A court in California is considering sanctions against Samsung Electronics and its lawyers in view of concerns that the external counsel may have shared confidential information from Apple with Samsung, according to a court document.
"Having finally crawled out from under the boxes, it appears to the undersigned that if anything was breached, it was this court's protective order, and that sanctions against Samsung and its attorneys are warranted," noted U.S. Magistrate Judge Paul S. Grewal of the U.S. District Court for the Northern District of California, San Jose division, in a ruling Friday.
The judge went through boxes of Samsung's documents to get to the bottom of allegations of the suspected breach of confidential information, including information on Apple's patent licensing agreements with Nokia, Ericsson, Sharp and Philips, which were marked for viewing by the attorneys alone.
Apple provided the information to Samsung's law firm Quinn Emanuel Urquhart & Sullivan during the discovery phase of a lawsuit in California in which Apple was awarded damages of US$1.05 billion against Samsung. Judge Lucy Koh vacated $450 million in damages, and ordered a retrial to recalculate damages which comes up Tuesday.
Key terms of the four patent license agreements were contained in a draft expert report on damages that was forwarded to Samsung without redaction, according to a ruling in October by the judge.
The possible leak of the confidential information came to light in June when Samsung was negotiating a license with Nokia. According to testimony from Nokia's chief intellectual property officer, Paul Melin, a Samsung executive Seungho Ahn told him at the meeting that he knew the terms of Nokia's licensing agreement with Apple. To prove to Nokia that he knew the confidential terms of the Apple-Nokia license, Ahn recited the terms of the license, according to Melin's declaration.

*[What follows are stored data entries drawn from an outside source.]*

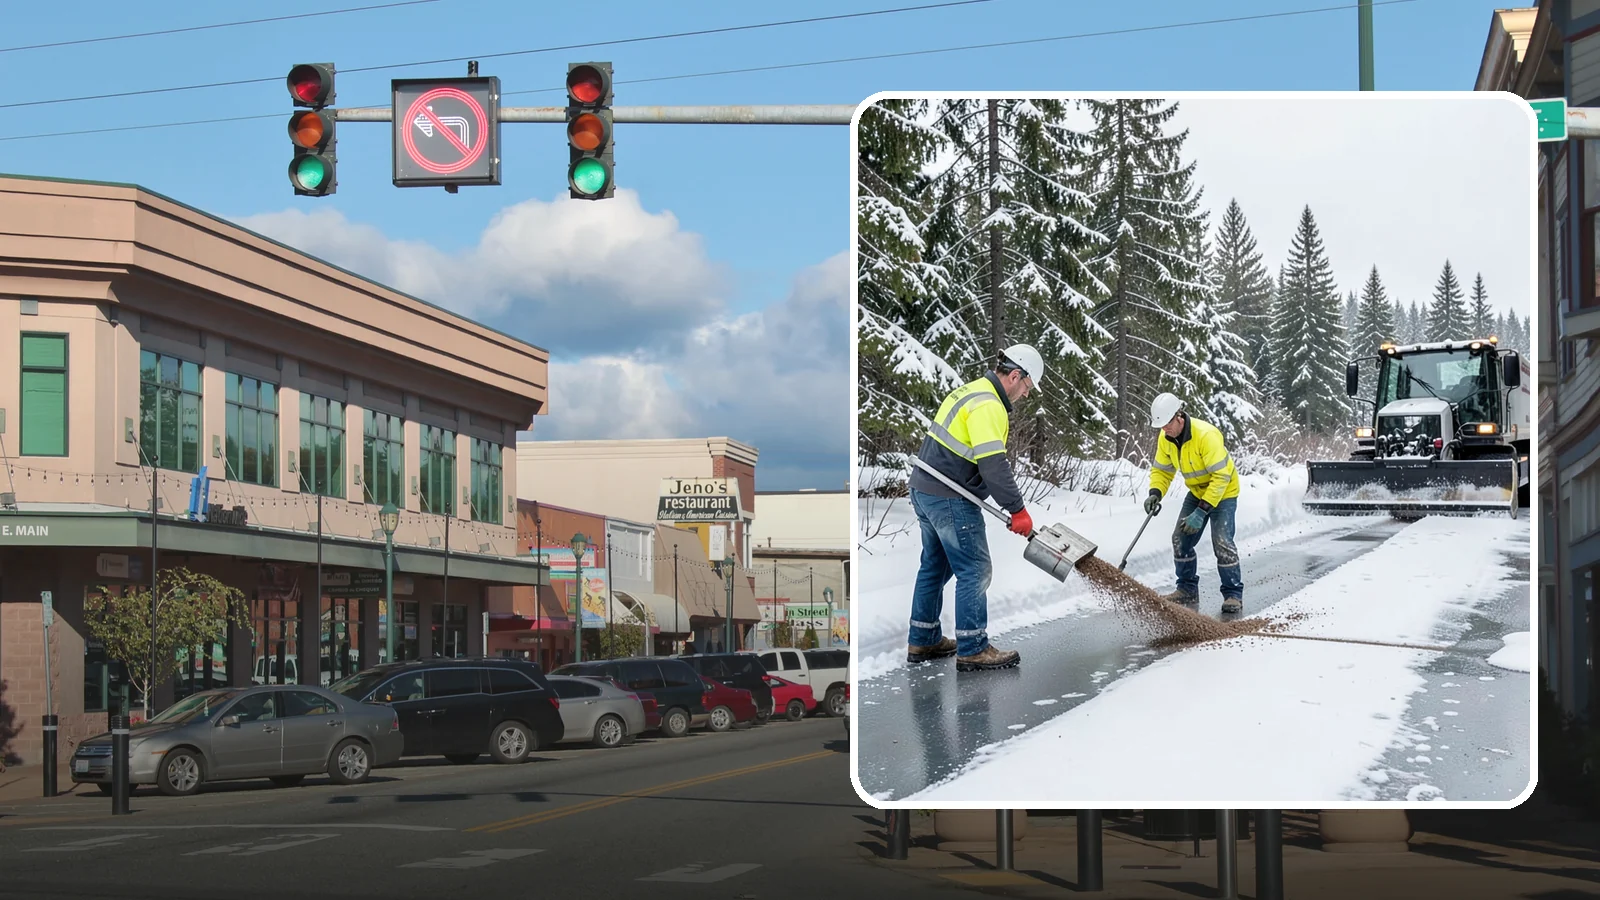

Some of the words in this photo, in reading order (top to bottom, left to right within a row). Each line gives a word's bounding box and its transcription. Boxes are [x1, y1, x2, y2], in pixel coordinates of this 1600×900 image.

[669, 480, 728, 494] Jeno's
[665, 496, 731, 509] restaurant
[658, 510, 681, 519] Italian
[686, 509, 714, 519] American
[715, 509, 737, 519] Cuisine
[2, 525, 13, 536] E.
[15, 525, 49, 536] MAIN
[797, 608, 829, 617] Street
[791, 619, 824, 627] lass
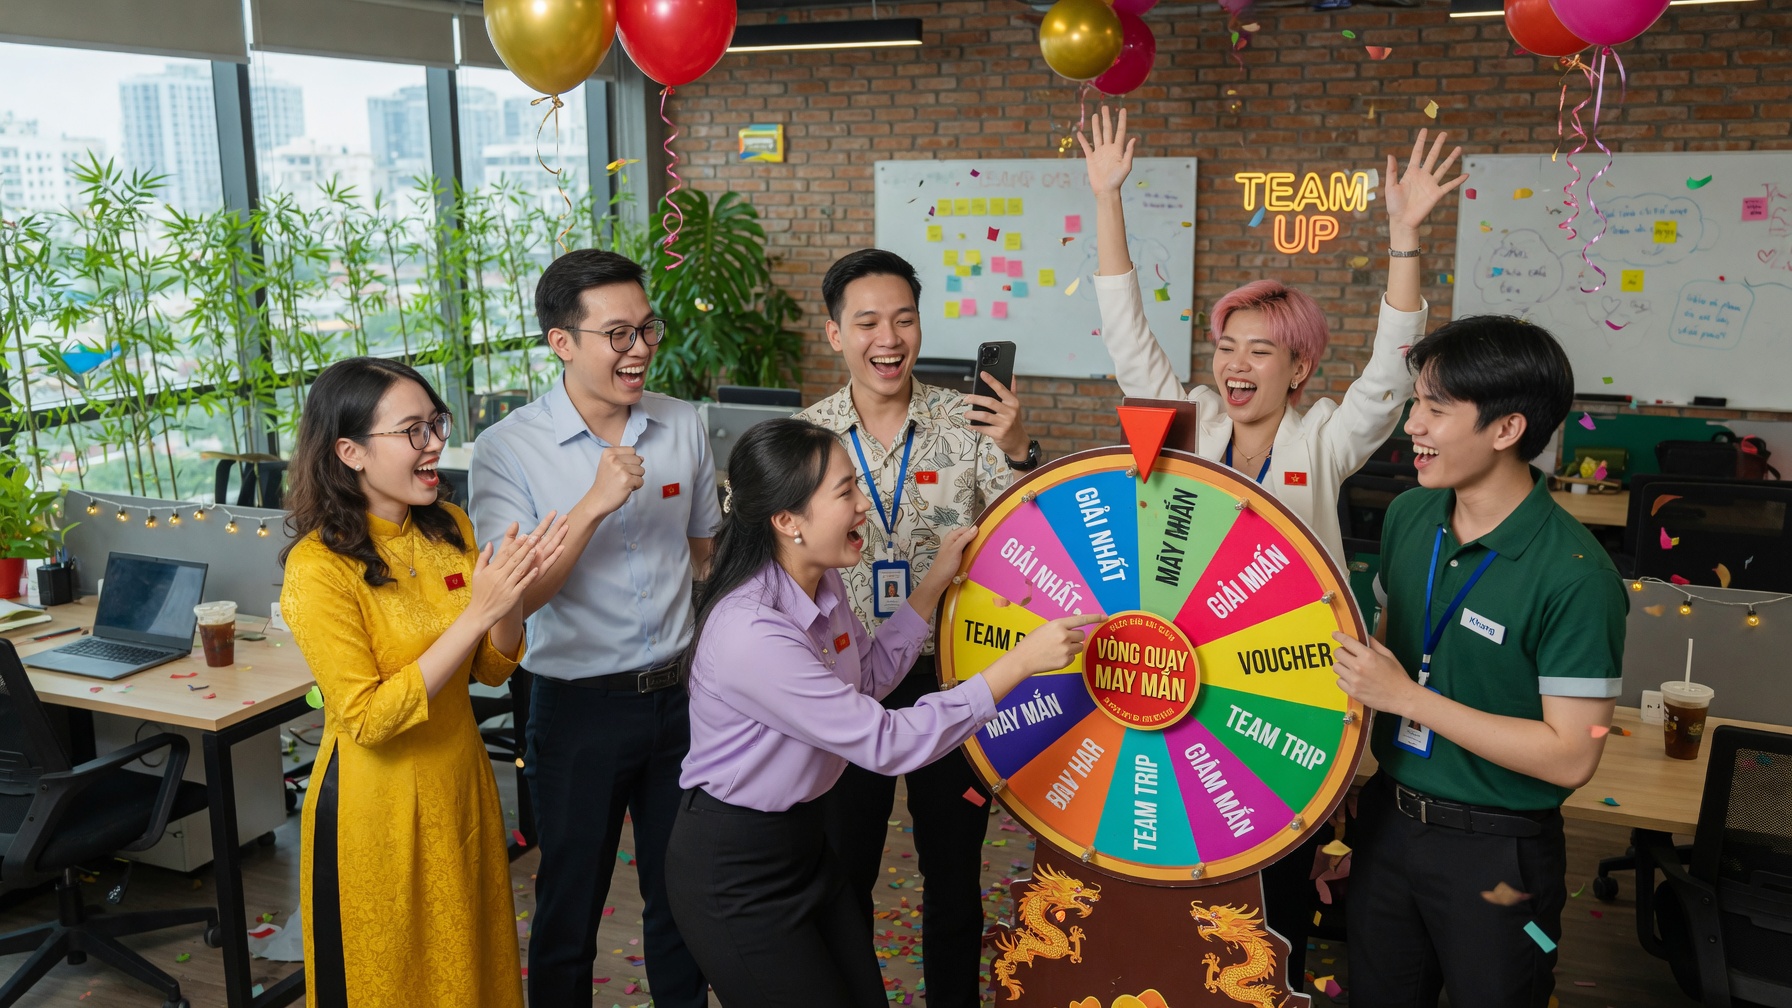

The Samsung executive later testified in writing that he only "pretended" to have seen the contract, according to an Apple lawyer. Quinn suggested there may have been a miscommunication at the meeting, saying neither the Samsung nor Nokia officials present spoke English as a first language.
Samsung's outside counsel posted the expert report on an FTP (file transfer protocol) site that was accessible by Samsung staff, and emailed instructions for accessing the site, which over 50 Samsung employees including licensing executives are said to have accessed, Judge Grewal noted in the October ruling. In a hearing, Samsung's counsel repeatedly "denied even one violation of the protective order, asserting that such a violation can only occur willfully."
Sharing the information with Samsung could amount to a violation of a "protective order" covering the confidentiality of third-party information shared with the outside counsel. Sanctions in civil suits usually take the form of fines.
The court "still does not have a complete picture of the events giving rise to this procedural flurry," wrote Judge Grewal in his order on Friday.
Based on the evidence and arguments submitted, an "outline does emerge suggesting sanctions" for violations by Quinn Emanuel, which is said to have failed to redact the business information from the expert report, resulting in the "pervasive distribution" of the information to Samsung employees who were not authorized to have access to it, the Judge ruled. Samsung is also said to have made "wrongful use" of the information in preparations for negotiations with Nokia and Ericsson.
Samsung and Quinn Emmanuel have been asked to file a brief by Dec. 2, to show cause why they should not be sanctioned for the violations. Apple and Nokia are also allowed to submit a brief by this same date proposing appropriate sanctions.